Hello, Dear Readers.
When last I wrote, I left off with a report of impending sleep. To wit, a reportage of the strange netherworld, the domain of Hypnos and his son, Morpheus--the Gods of Sleep and Dreams.
My usual nighttime preoccupation with sweets, savouries, succulent victuals, and agreeable aliments was not to pass this night! But rather, I was transported to a nightmare dystopic realm; a frenzied personal vision of my own eventual demise. No, Dear Reader, not at the hands of some malicious villain, dark and mustachioed, but at the hands of a murderer most nefarious and insidious: high blood pressure; heart disease; other assorted ailments all too commonly seen in the gourmand!
My visions, friends, stood so vividly before me that even my dream-self shrank in horror of what might one day befall me. To begin, chest pains constricted my heart and my throat in a manner most vile! I found myself standing, near prone, in a grimly lighted cave (or, at least it appeared so!), all hued in reds and brownsmost unnerving. The faint flicker and crackle of torchlight and a musty breeze was apparent, even in my panick'd condition, and as I clutched my throat, hoping for a reprieve, the foulest odor I'd yet smelled in my life emanated from somewhere unknown. Spoiled food! Excreta! Malodorous sweat! Sulphur! As you can no doubt imagine, my panic only increased.
With this, my visions grew ever more intense. Skin disease! Shingles! Itchy scalp! But no, friends, it grew only worse. The twin malefactors of Diabetes and Colon Cancer made their appearance in a manner most profligate! They appeared incarnate as two towering, leering wretches, bent on stealing away with first my gimpy feet, followed by amputated lengths of bowel, and finally my very life!
Then the fever dream, rather than dissipating, leaving me awake and jarred past all reason, grew only more vivid. Lucid images were replaced with a roiling, turgid cacophony of carnival flashes and off-key pianola symphonies. Scenes of pure malefic color and emotion exploded before me in a calamitous ruin. So aggrieved did I become that I was left senseless and bedraggled when finally I awoke in an impotent howl.
Debra and Gene certainly took their sweet fucking time in coming to my aid. Were my screams not distressed enough to rouse them from their own reveries? Were they, perhaps, engaged in their own greasy brand of bumping coitus? I am loathe to imagine it, but when their own and only son cries out in the night, afflicted and besot by demons, does it not behoove even the most injurious and neglectful parent to spring to swift action?

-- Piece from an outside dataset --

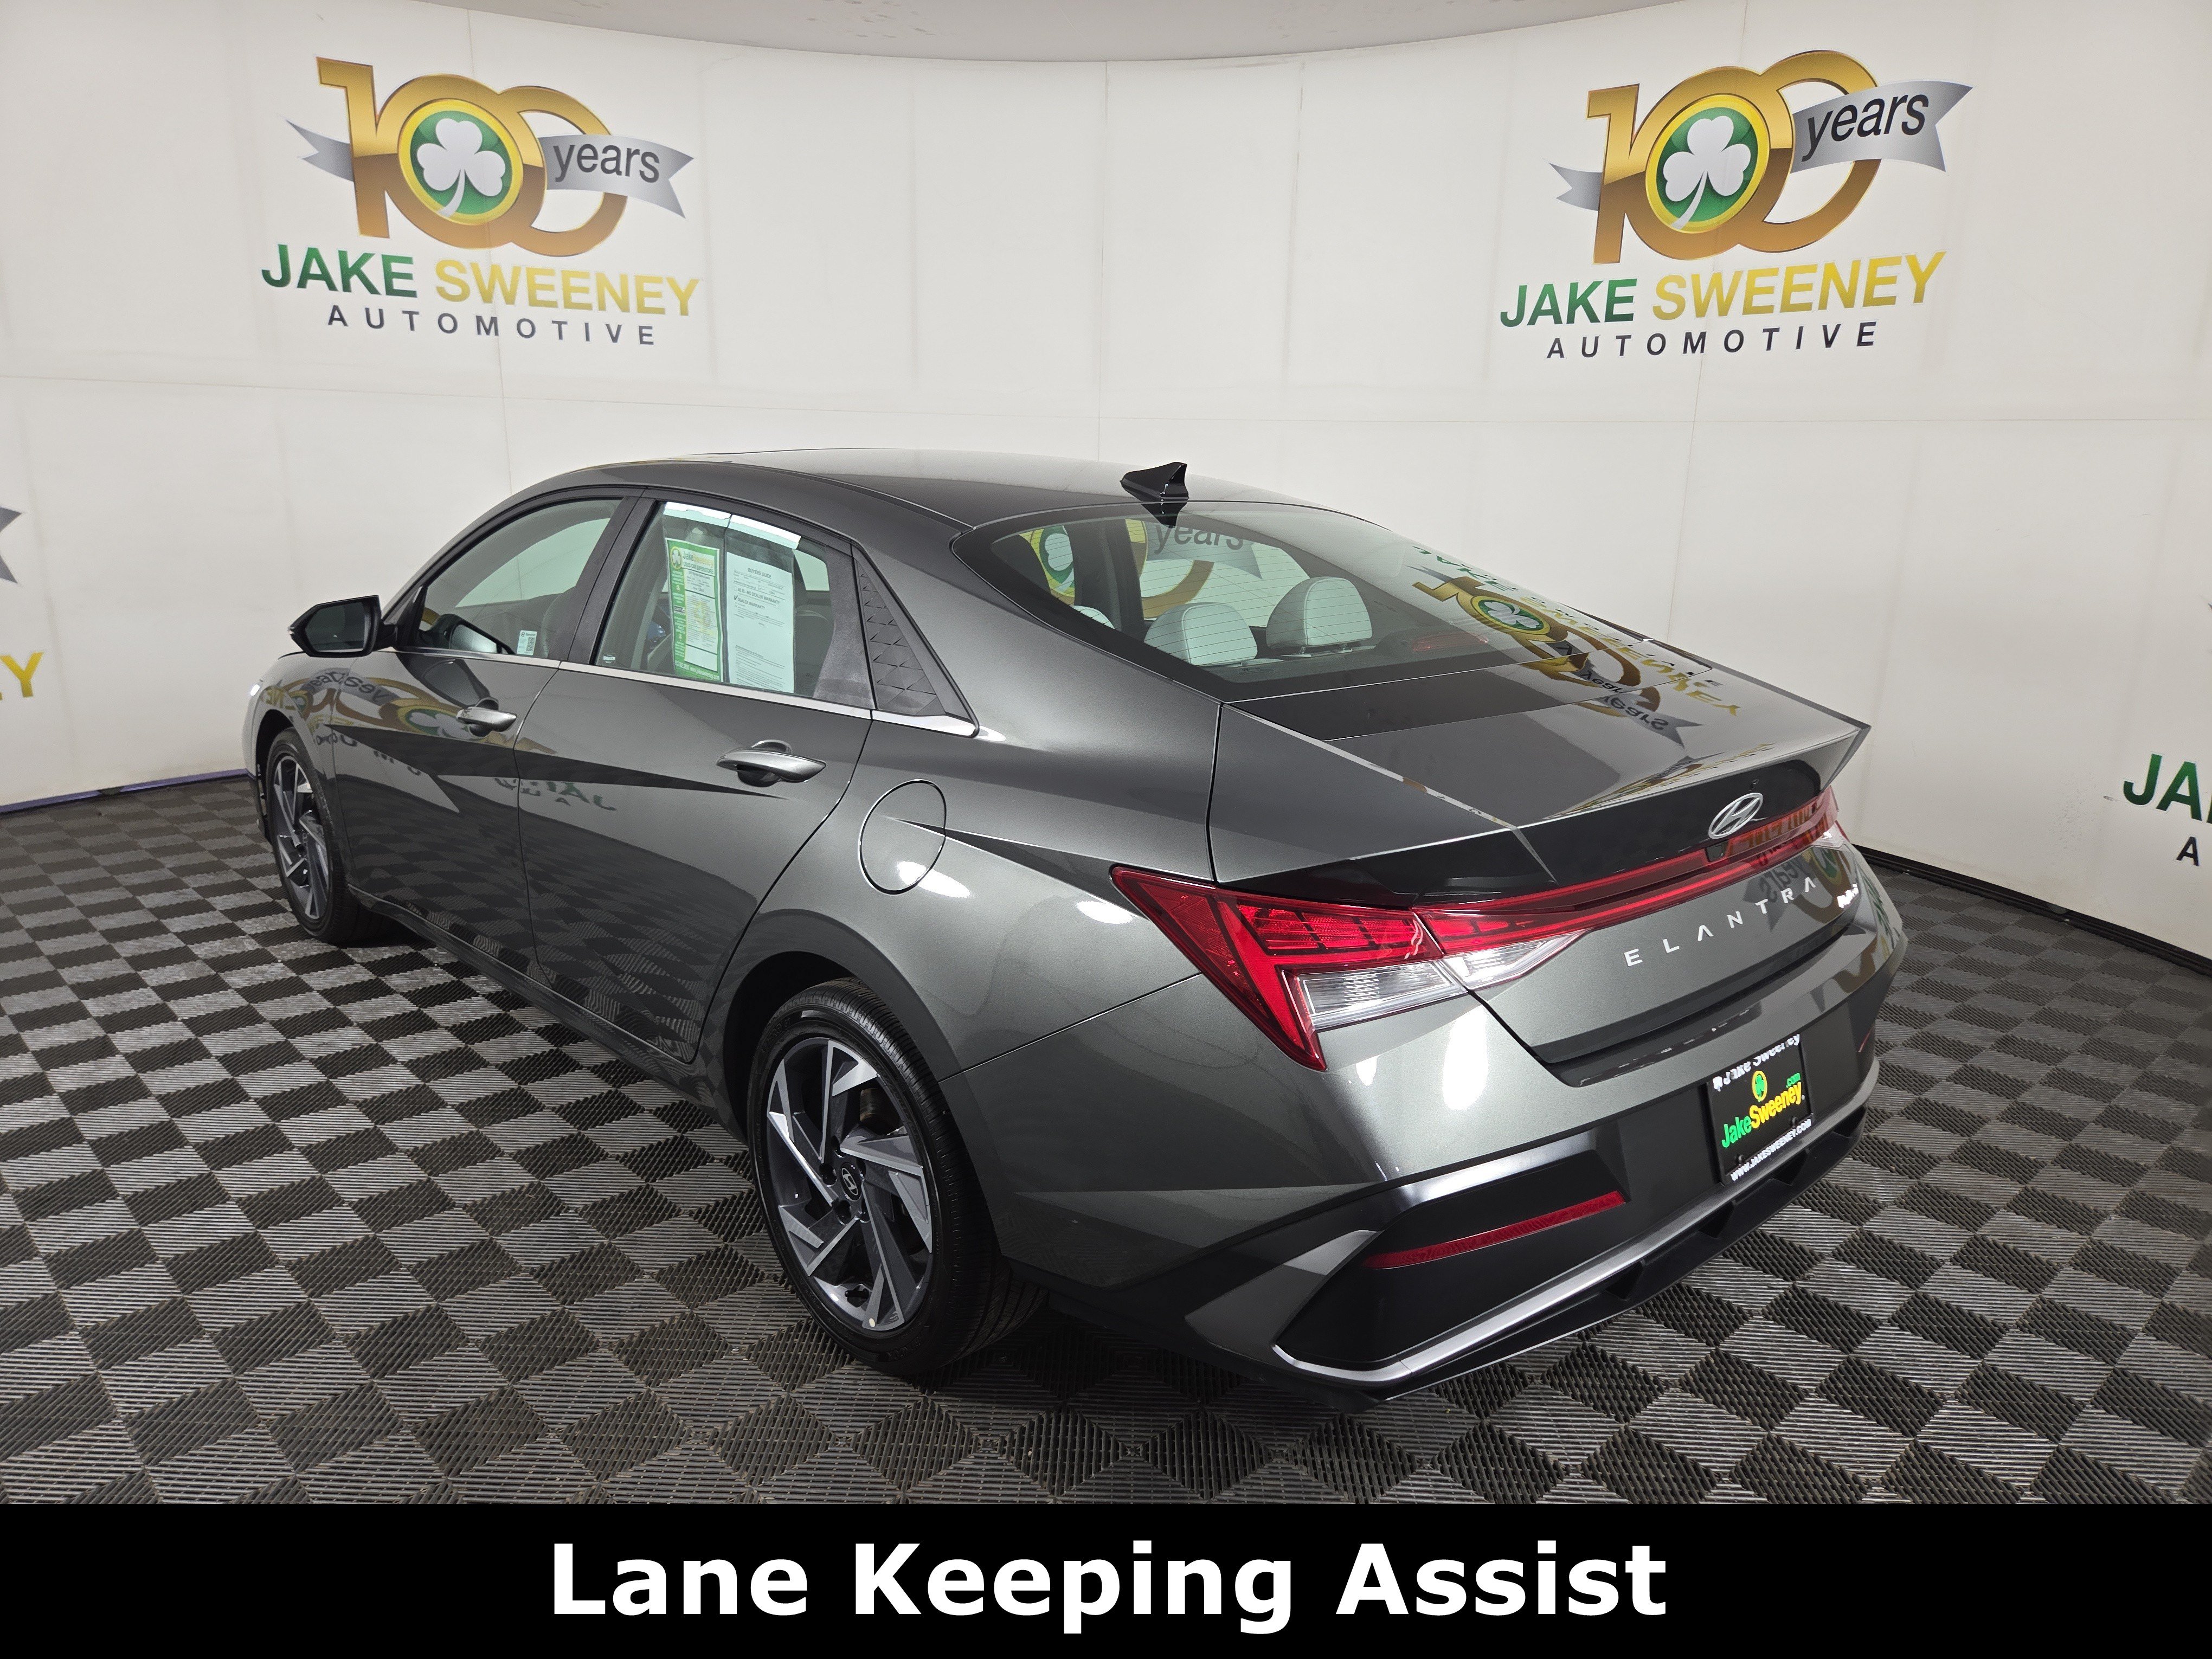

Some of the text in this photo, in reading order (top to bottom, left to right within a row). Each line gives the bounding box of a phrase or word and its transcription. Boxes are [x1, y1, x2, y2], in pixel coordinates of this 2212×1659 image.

Alas, this was not the case. Despite the genesis of my night terrors, Debra and Gene simply entered my chamber with their usual panacea for any disquiet on my part: a lukewarm bottle of equal parts buttermilk and cognac. Despite my protests and attempts at recrimination, the elixir soon had its desired effect. I am only thankful that the sleep engendered by this calmative was a dreamless one.
With this, Dear Reader, I bid you adieu for the moment. Tomorrow I will continue with Dr. Stephy's suggestion of my food diary. Perhaps, however, there will be an accompanying dream journal as well. Perhaps.